As a part of the Reporting Persons’ process of reviewing their investment in the Issuer, the Reporting Persons may engage in communications with the Issuer’s directors, management, stockholders and third parties regarding the corporate governance, financial condition, business operations, strategy or future plans (including proposed corporate transactions of a significant nature) of the Issuer, including any plans or proposals regarding the same.
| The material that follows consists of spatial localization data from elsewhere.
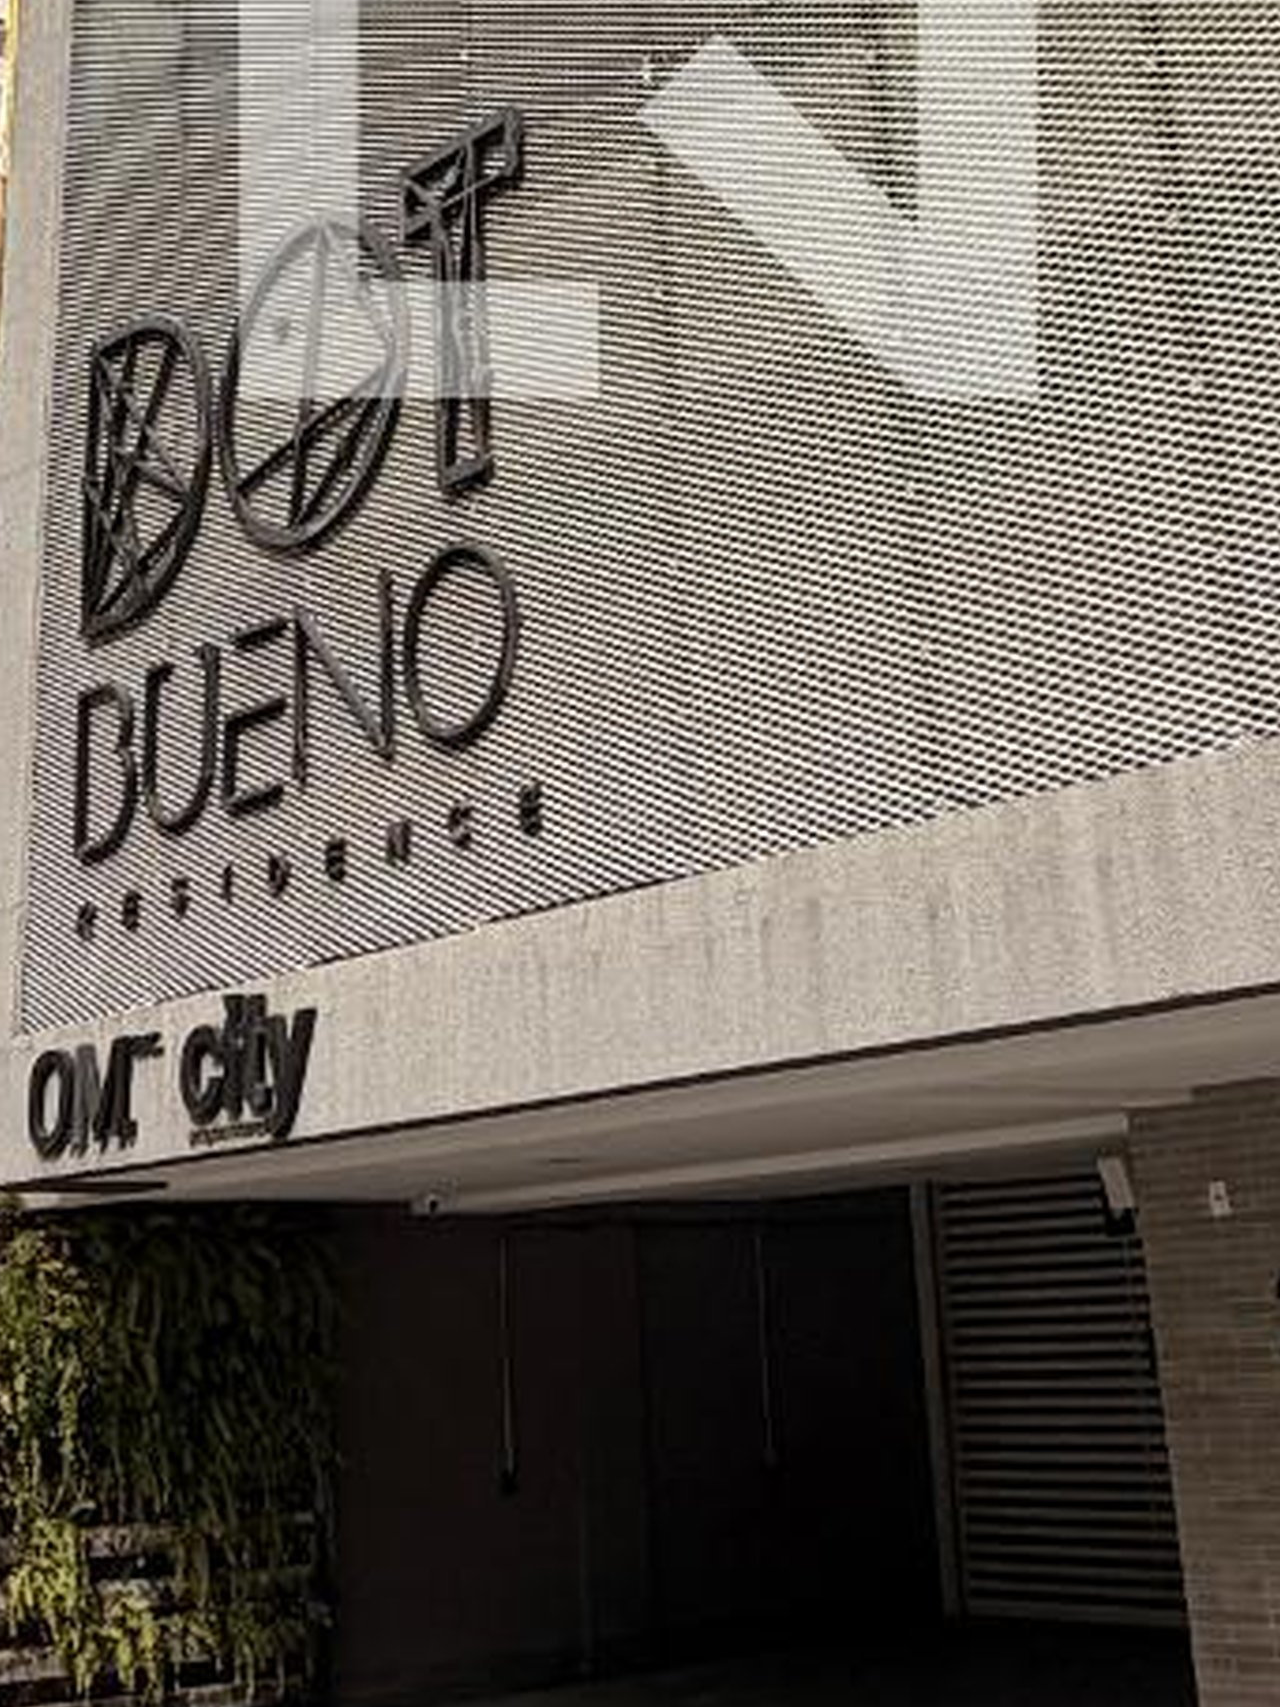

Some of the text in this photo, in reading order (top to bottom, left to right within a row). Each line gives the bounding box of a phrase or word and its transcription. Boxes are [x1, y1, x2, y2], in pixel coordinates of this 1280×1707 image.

[80, 104, 522, 640] DOT
[70, 541, 520, 865] BUENO
[76, 782, 546, 942] RESIDENCE
[178, 992, 319, 1142] city
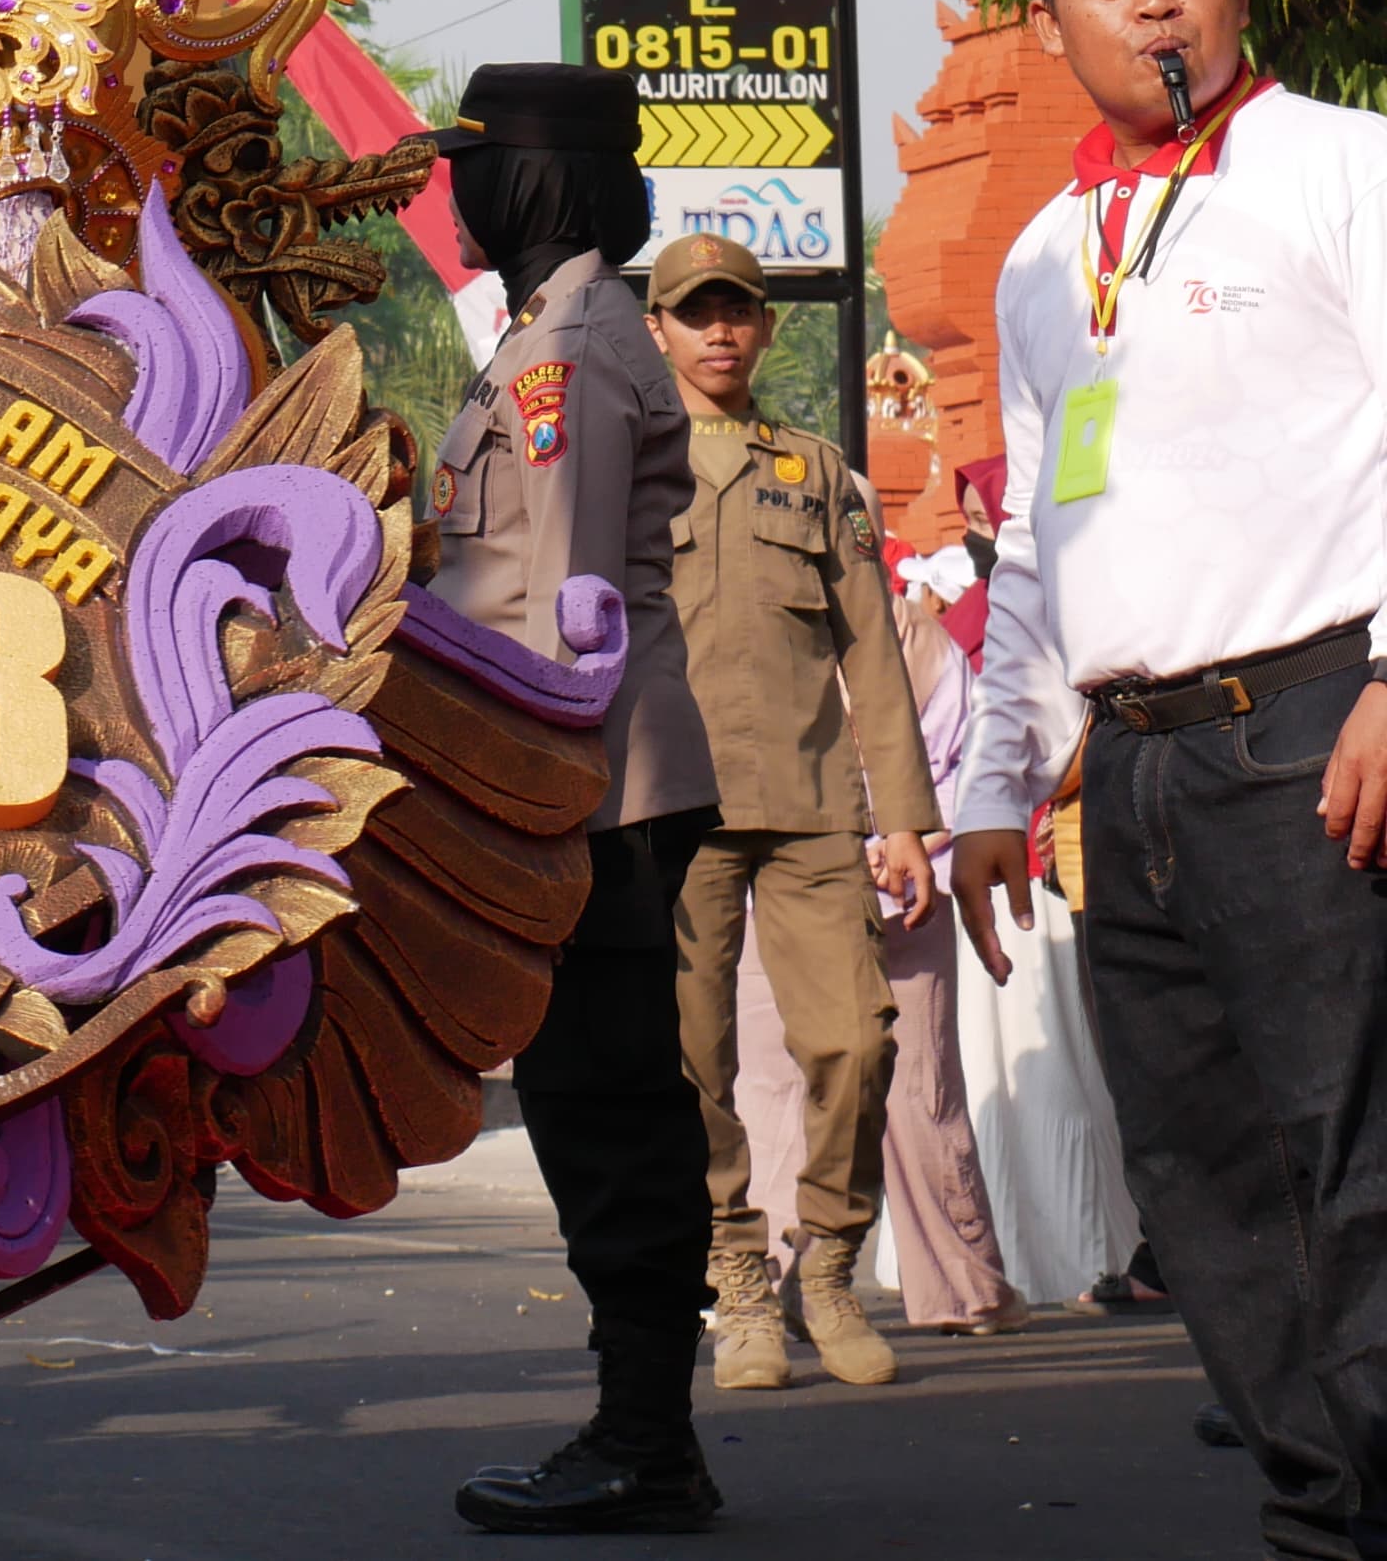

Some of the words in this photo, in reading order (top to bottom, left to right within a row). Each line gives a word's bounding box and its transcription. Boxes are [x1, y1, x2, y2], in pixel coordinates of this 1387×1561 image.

[595, 24, 829, 70] 0815-01
[636, 73, 732, 100] AJURIT
[736, 73, 828, 100] KULON
[515, 364, 564, 392] POLRES
[755, 487, 792, 508] POL
The Reporting Persons may, at any time and from time to time, review or reconsider their position and/or change their purpose and/or formulate plans, strategies or proposals and take such actions with respect to their investment in the Issuer, including any or all of the actions described in the preceding paragraph.

Any of the foregoing actions may be effected at any time or from time to time, subject to applicable law.

Appointment of Director

Pursuant to the Investor Rights Agreement (as defined below), Martin Fichtner has been appointed to the board of directors of the Issuer as the nominee of the Temasek Representative (as defined in the Investor Rights Agreement).

 

Item 5.

Interest in Securities of the Issuer

(a)-(b) The Issuer disclosed in its Current Report on Form 8-K filed with the SEC on September 3, 2021 that, following the consummation of the Transaction, a total of 299,043,813 shares of Class A Common Stock of the Issuer were outstanding as of September 1, 2021. Of this amount, 29,248,151 shares were held by Aranda Investments, or approximately 9.8 percent of the Issuer’s total outstanding Class A Common Stock. Aranda Investments is a direct wholly-owned subsidiary of Seletar Investments. Seletar Investments is a direct wholly-owned subsidiary of Temasek Capital, which in turn is a direct wholly-owned subsidiary of Temasek. Seletar Investments, Temasek Capital and Temasek may therefore be deemed to have or share beneficial ownership of the securities held by Aranda Investments.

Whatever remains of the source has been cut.